Author | Albert Camus |
---|---|
Original title | Le Premier Homme |
Translator | David Hapgood |
Language | French |
Publisher | Éditions Gallimard |
Publication date | 1994 |
Publication place | France |
Published in English | 1995 |
ISBN | 0-679-43937-4 |
OCLC | 31938033 |
843/.914 20 | |
LC Class | PQ2605.A3734 P7413 1995 |
The First Man (French : Le Premier homme) is Albert Camus' unfinished final novel.
On January 4, 1960, at the age of forty-six, Camus died in a car accident. The incomplete manuscript of The First Man, the autobiographical novel Camus was working on at the time of his death, was found in the mud at the accident site. Camus' daughter, Catherine Camus, later transcribed the handwritten manuscript to type press, and published the book in 1994. Camus hoped that it would be his masterpiece and some critics agreed with his view, even in its unfinished state – largely citing the physical intensity and uninhibited psychology of boyhood as removed from the reservedness of Camus' other novels.

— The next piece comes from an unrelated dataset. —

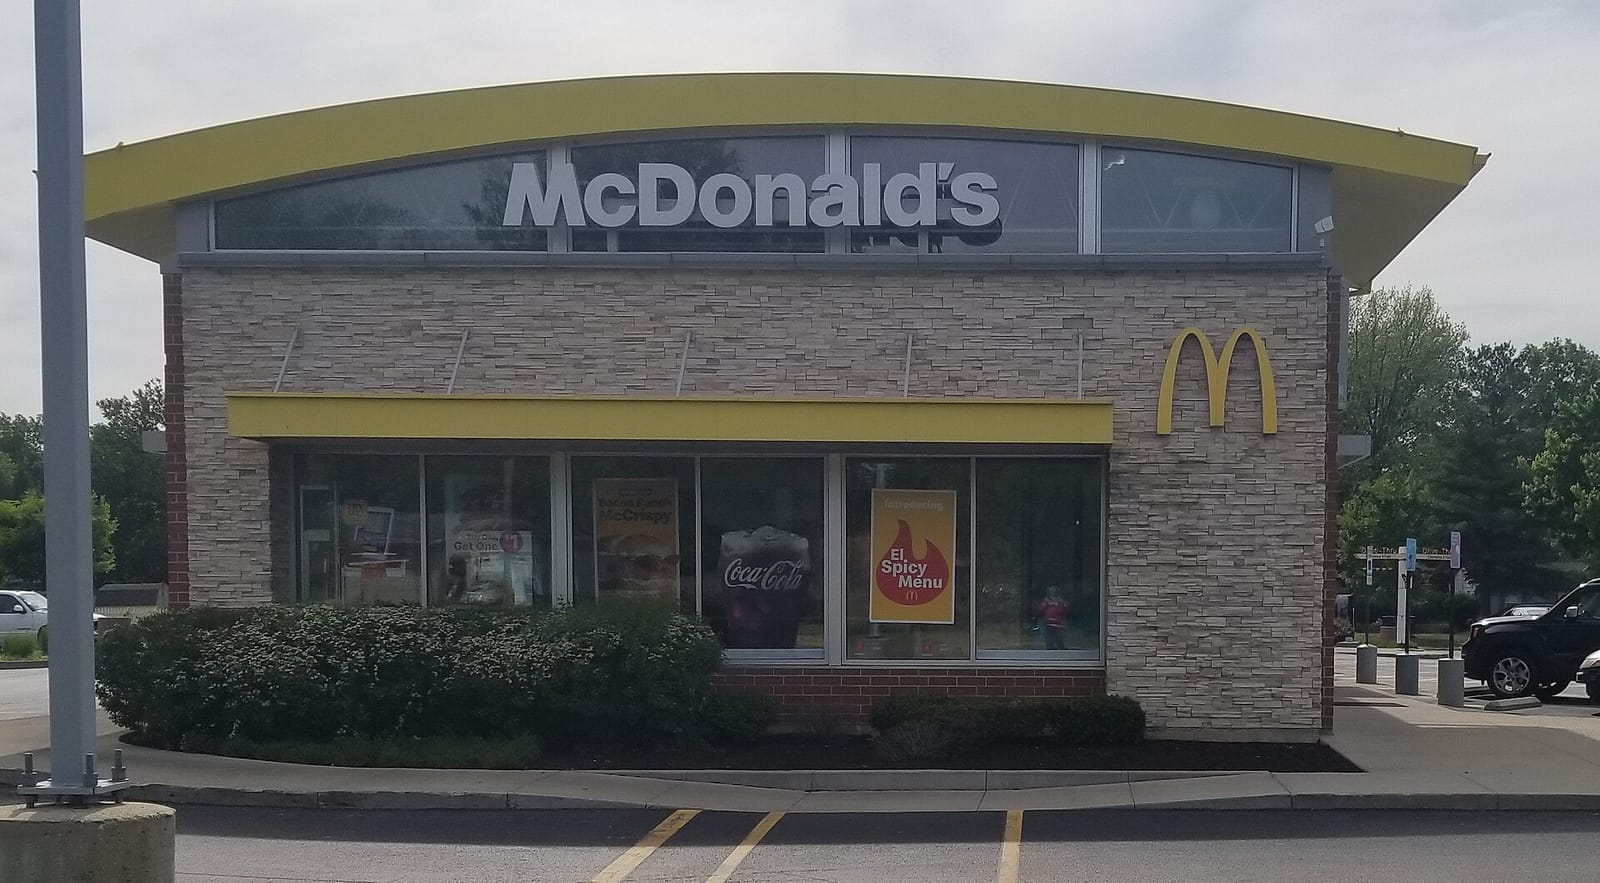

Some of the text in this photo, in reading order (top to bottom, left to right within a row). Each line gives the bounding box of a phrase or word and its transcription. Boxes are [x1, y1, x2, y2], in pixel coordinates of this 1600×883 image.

The novel takes Jacques Cormery from birth to his years in the lycée, or secondary school, in Algiers. In a departure from the intellectual and philosophical weight of his earlier works, Camus wanted this novel to be "heavy with things and flesh." It is a novel of basic and essential things: childhood, schooldays, the life of the body, the power of the sun and the sea, the painful love of a son for his mother, the search for a lost father. But it is also about the history of a colonial people in a vast and not always hospitable African landscape, about the complex relationship of a "mother" country to its colonists, and about the intimate effects of war as well as political revolution. [1]
A film adaptation of the novel, directed by Gianni Amelio and starring Jacques Gamblin, was released in 2011.